# About this task
Please return all of the records verbatim, with the pictures omitted.

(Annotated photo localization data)
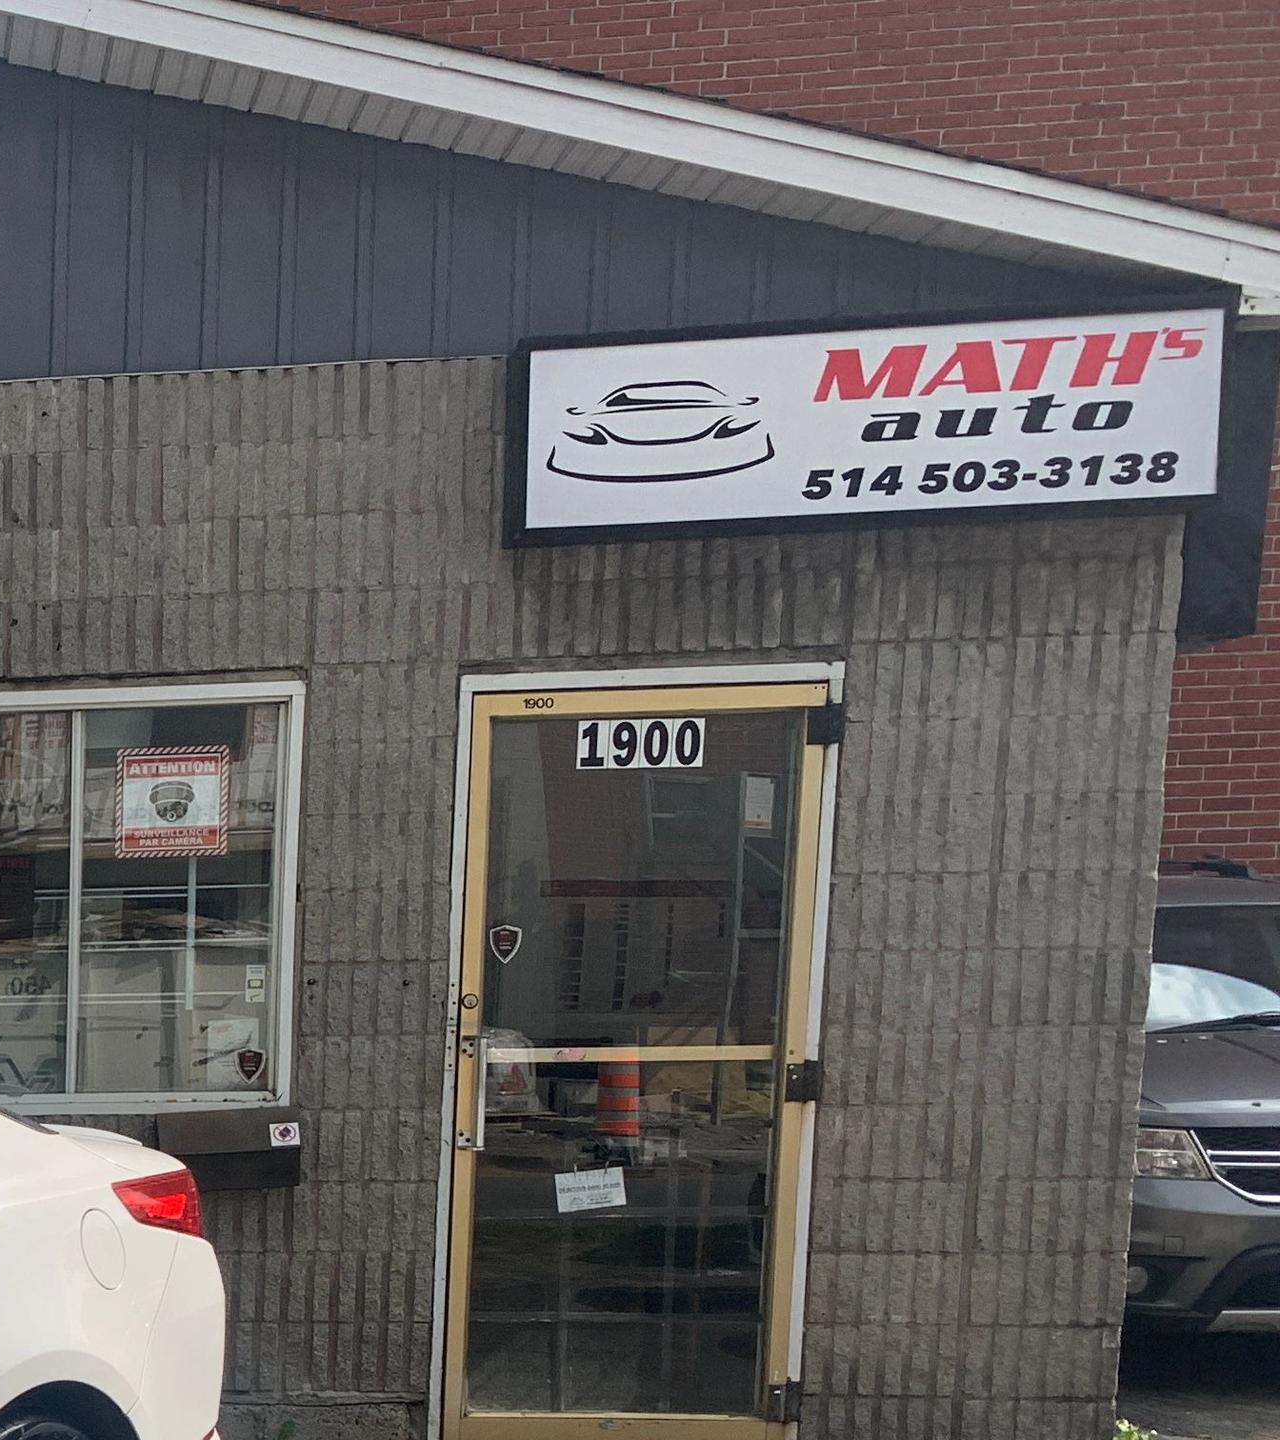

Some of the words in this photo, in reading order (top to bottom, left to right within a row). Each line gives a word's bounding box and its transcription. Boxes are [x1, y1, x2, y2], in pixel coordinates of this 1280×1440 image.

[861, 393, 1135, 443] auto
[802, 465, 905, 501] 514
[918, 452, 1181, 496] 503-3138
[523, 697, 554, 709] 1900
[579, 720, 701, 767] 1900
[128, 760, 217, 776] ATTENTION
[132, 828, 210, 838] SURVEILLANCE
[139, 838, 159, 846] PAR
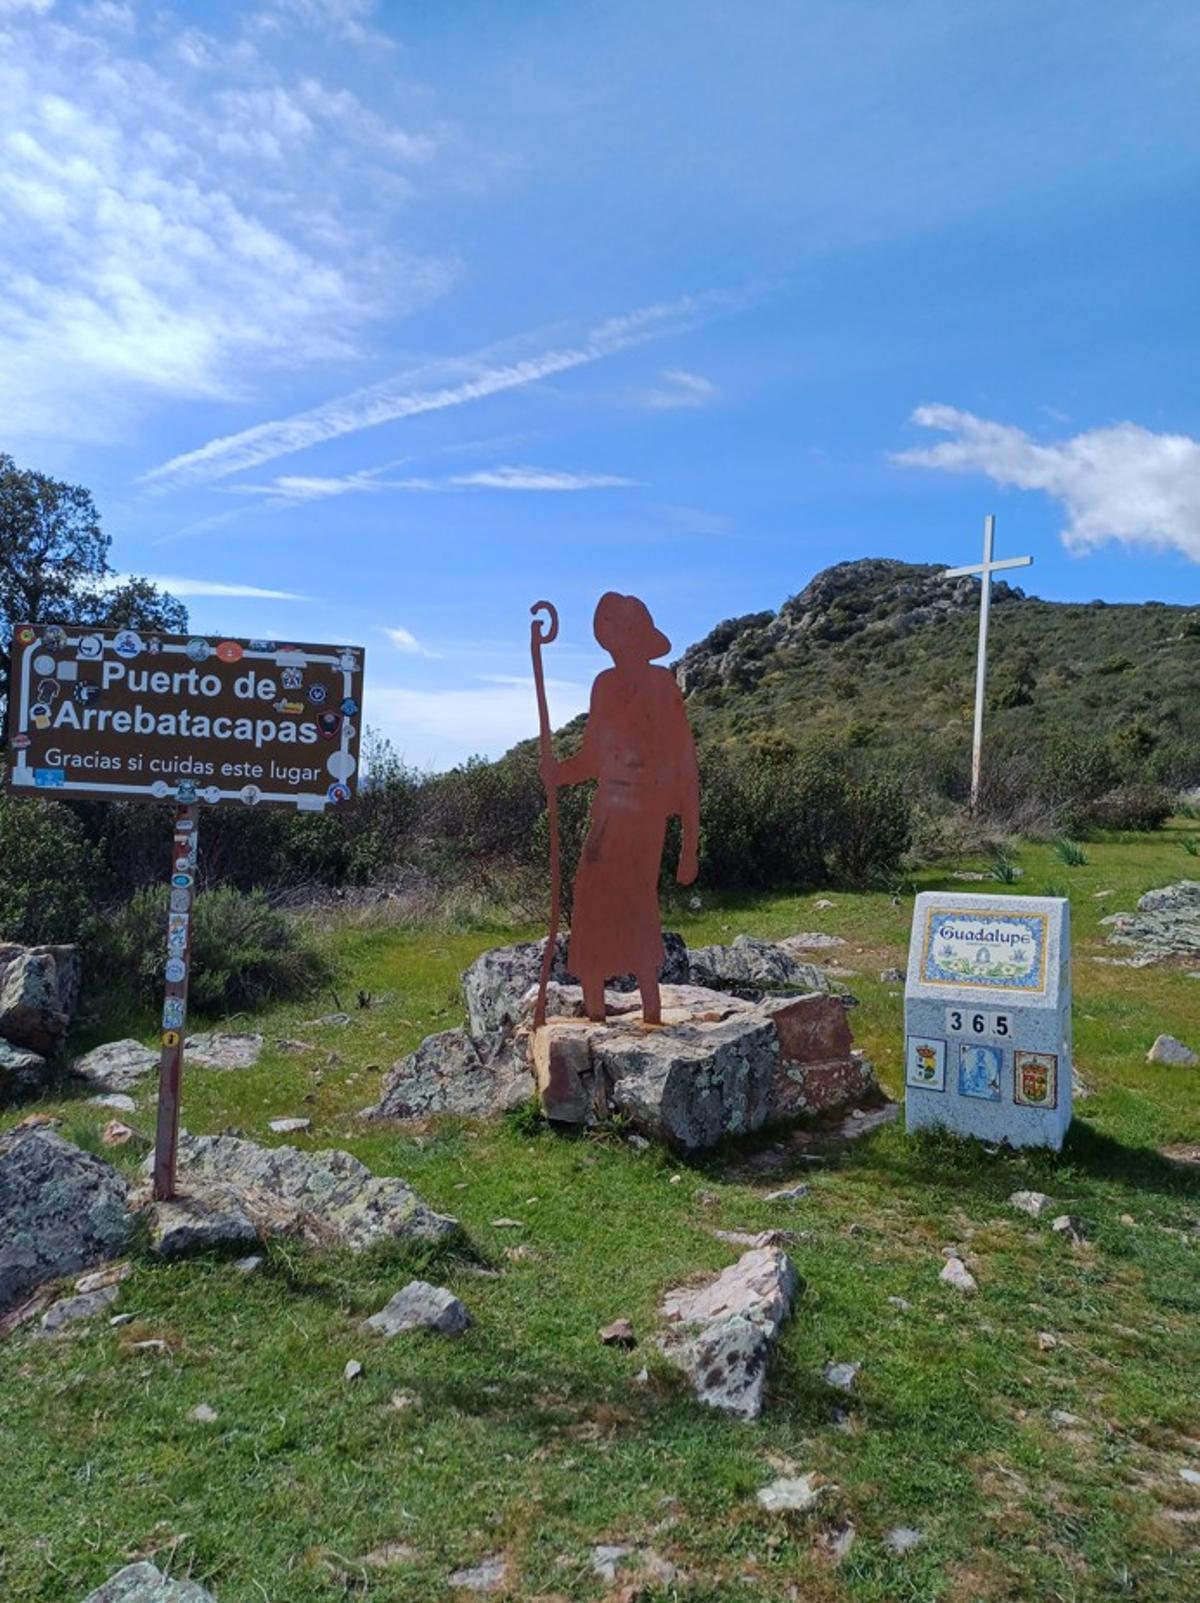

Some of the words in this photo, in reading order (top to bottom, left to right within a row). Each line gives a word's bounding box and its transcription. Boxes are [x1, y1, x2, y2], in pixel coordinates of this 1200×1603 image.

# Response for this exercise
Some of the words in this photo, in reading order (top to bottom, left to right within a row). Each line gives a word's bounding box and its transcription. Boxes are [x1, y1, x2, y2], in pixel coordinates of this 1280×1440 image.

[861, 393, 1135, 443] auto
[802, 465, 905, 501] 514
[918, 452, 1181, 496] 503-3138
[523, 697, 554, 709] 1900
[579, 720, 701, 767] 1900
[128, 760, 217, 776] ATTENTION
[132, 828, 210, 838] SURVEILLANCE
[139, 838, 159, 846] PAR

Some of the words in this photo, in reading order (top to bottom, left to right within a row). Each line gives a word's bounding box and its transcription. Boxes are [x1, y1, x2, y2], in pixel coordinates of this 1200×1603 image.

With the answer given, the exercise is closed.